**Prompt**
Your answer should be an exact copy of all the entries, free of pictures.

Annotated photo localization data
--------

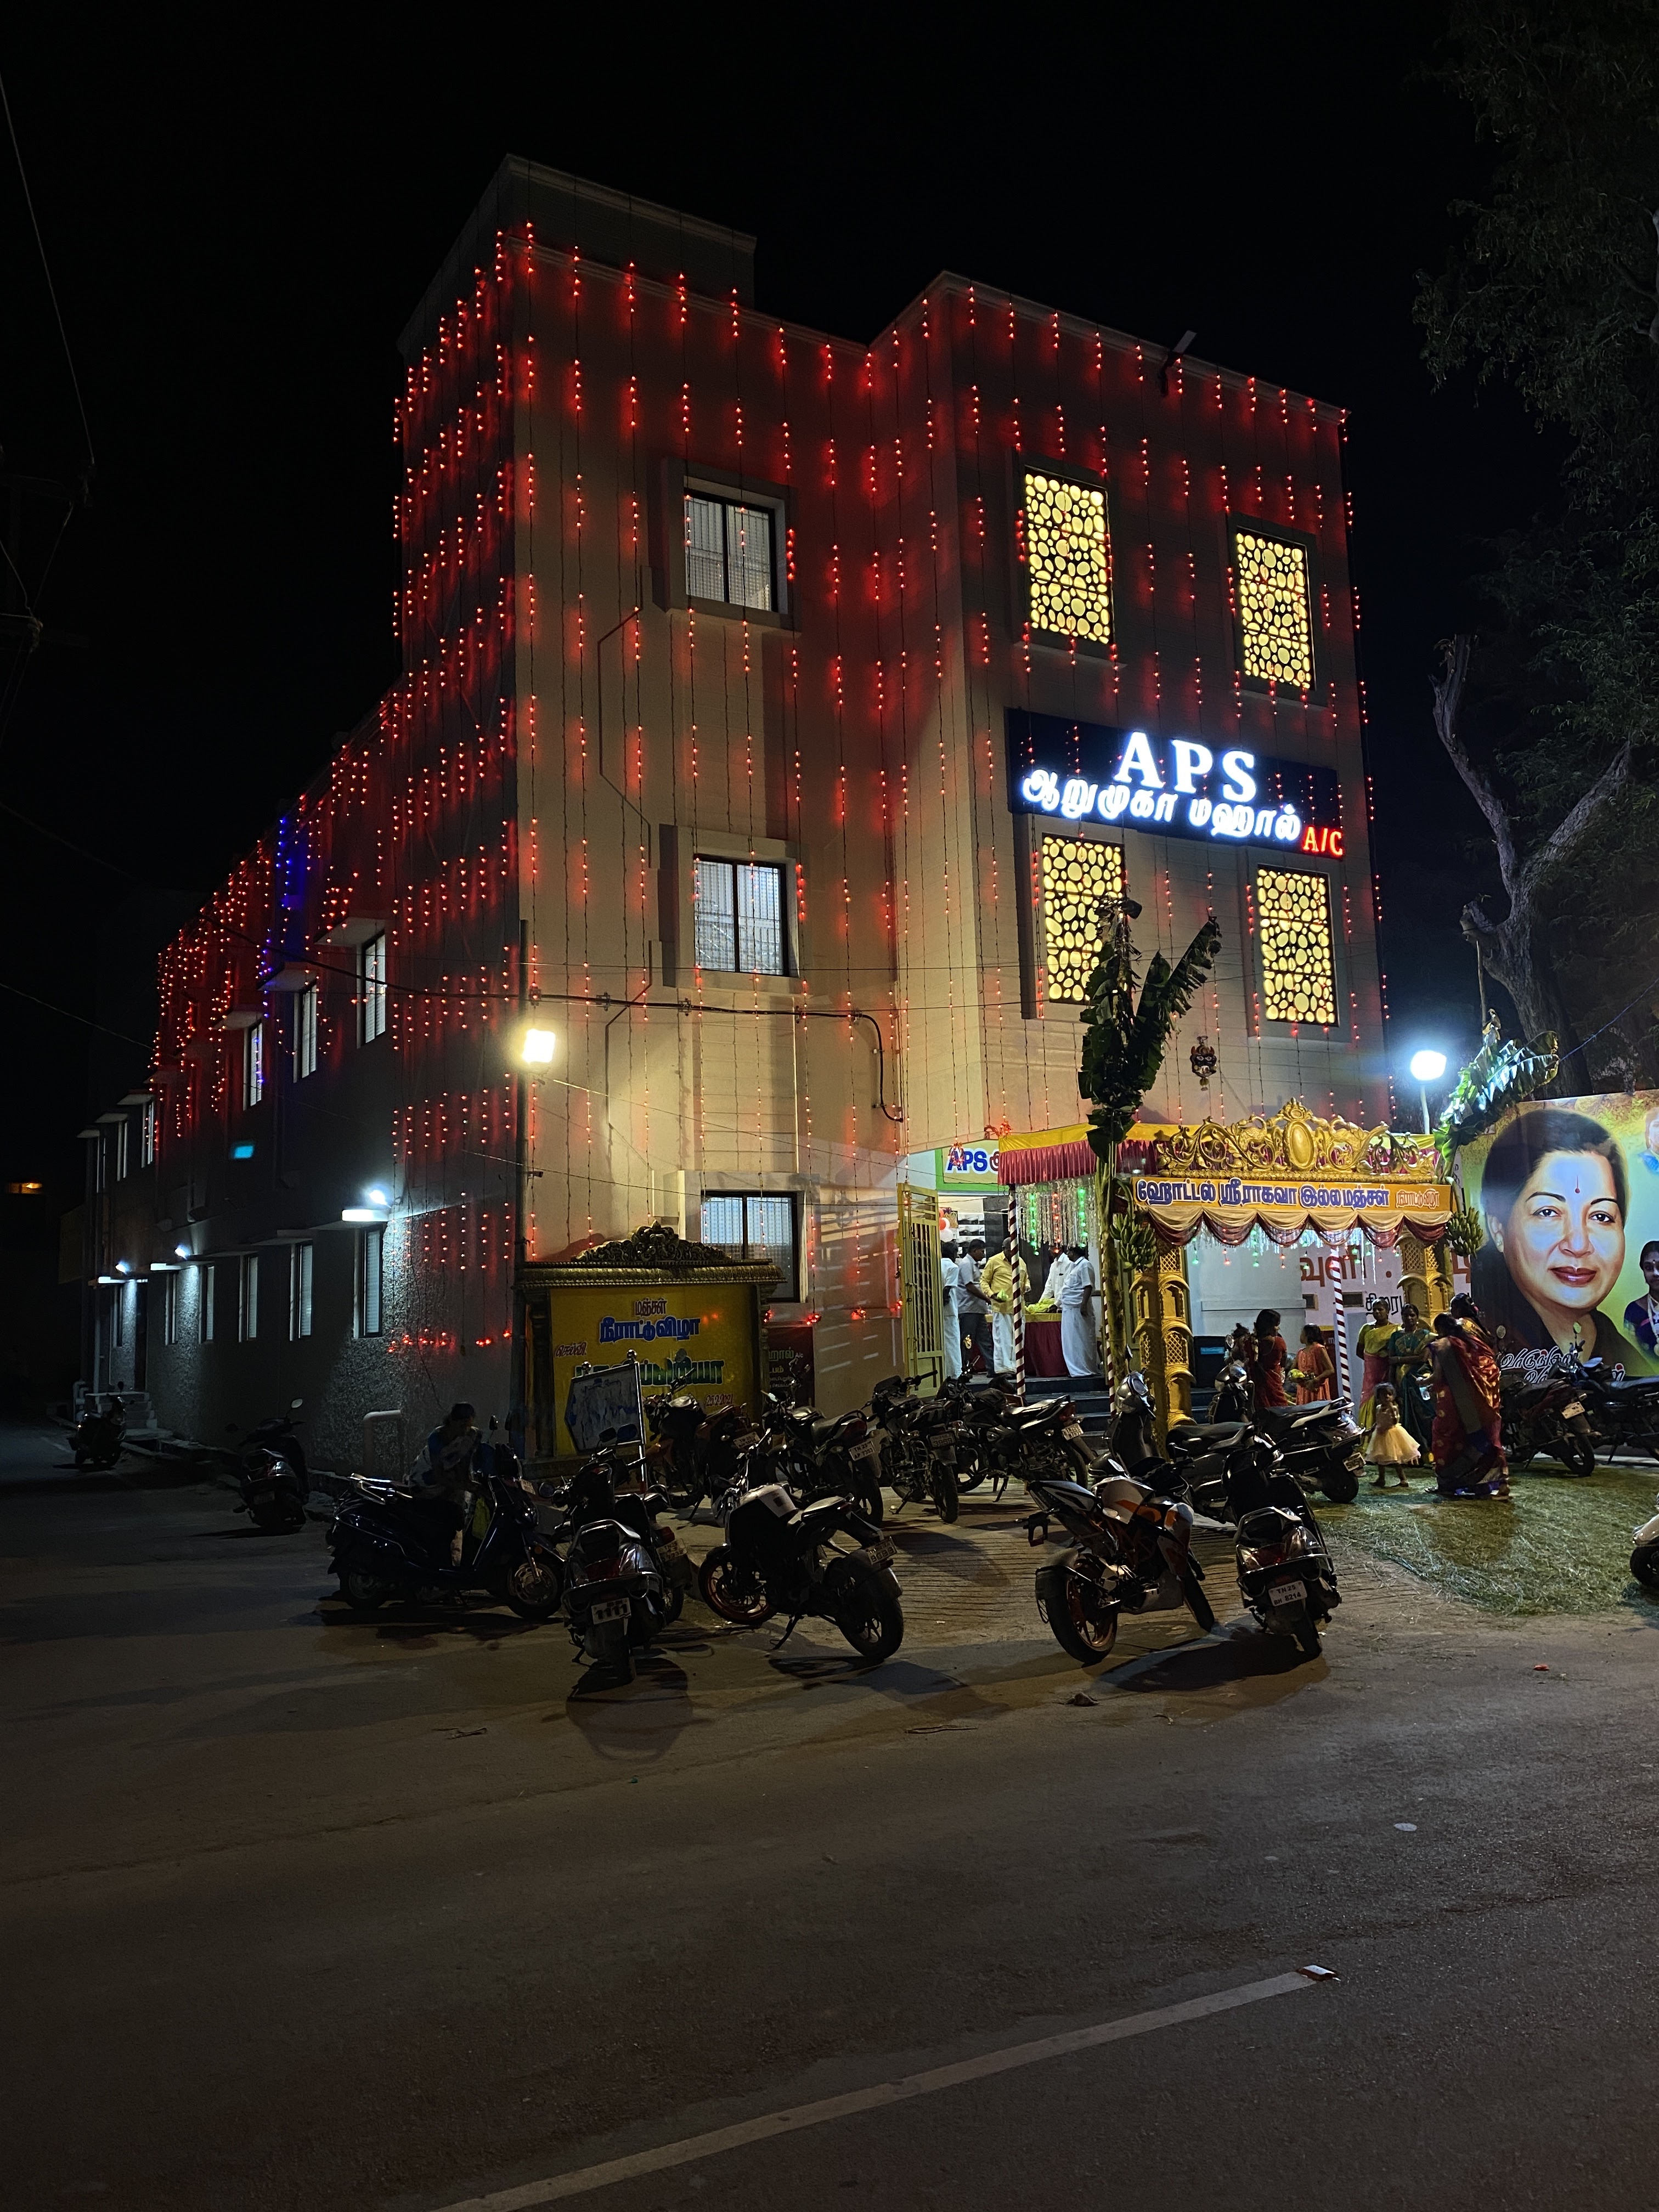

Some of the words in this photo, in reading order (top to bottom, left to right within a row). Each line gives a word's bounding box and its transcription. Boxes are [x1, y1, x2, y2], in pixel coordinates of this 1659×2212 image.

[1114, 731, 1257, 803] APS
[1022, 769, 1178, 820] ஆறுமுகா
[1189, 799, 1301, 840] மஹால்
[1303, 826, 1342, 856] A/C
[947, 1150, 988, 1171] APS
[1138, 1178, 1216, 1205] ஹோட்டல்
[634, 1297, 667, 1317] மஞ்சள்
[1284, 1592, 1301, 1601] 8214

--------

**Answer section**
Some of the words in this photo, in reading order (top to bottom, left to right within a row). Each line gives a word's bounding box and its transcription. Boxes are [x1, y1, x2, y2], in pixel coordinates of this 1659×2212 image.

[1114, 731, 1257, 803] APS
[1022, 769, 1178, 820] ஆறுமுகா
[1189, 799, 1301, 840] மஹால்
[1303, 826, 1342, 856] A/C
[947, 1150, 988, 1171] APS
[1138, 1178, 1216, 1205] ஹோட்டல்
[634, 1297, 667, 1317] மஞ்சள்
[1284, 1592, 1301, 1601] 8214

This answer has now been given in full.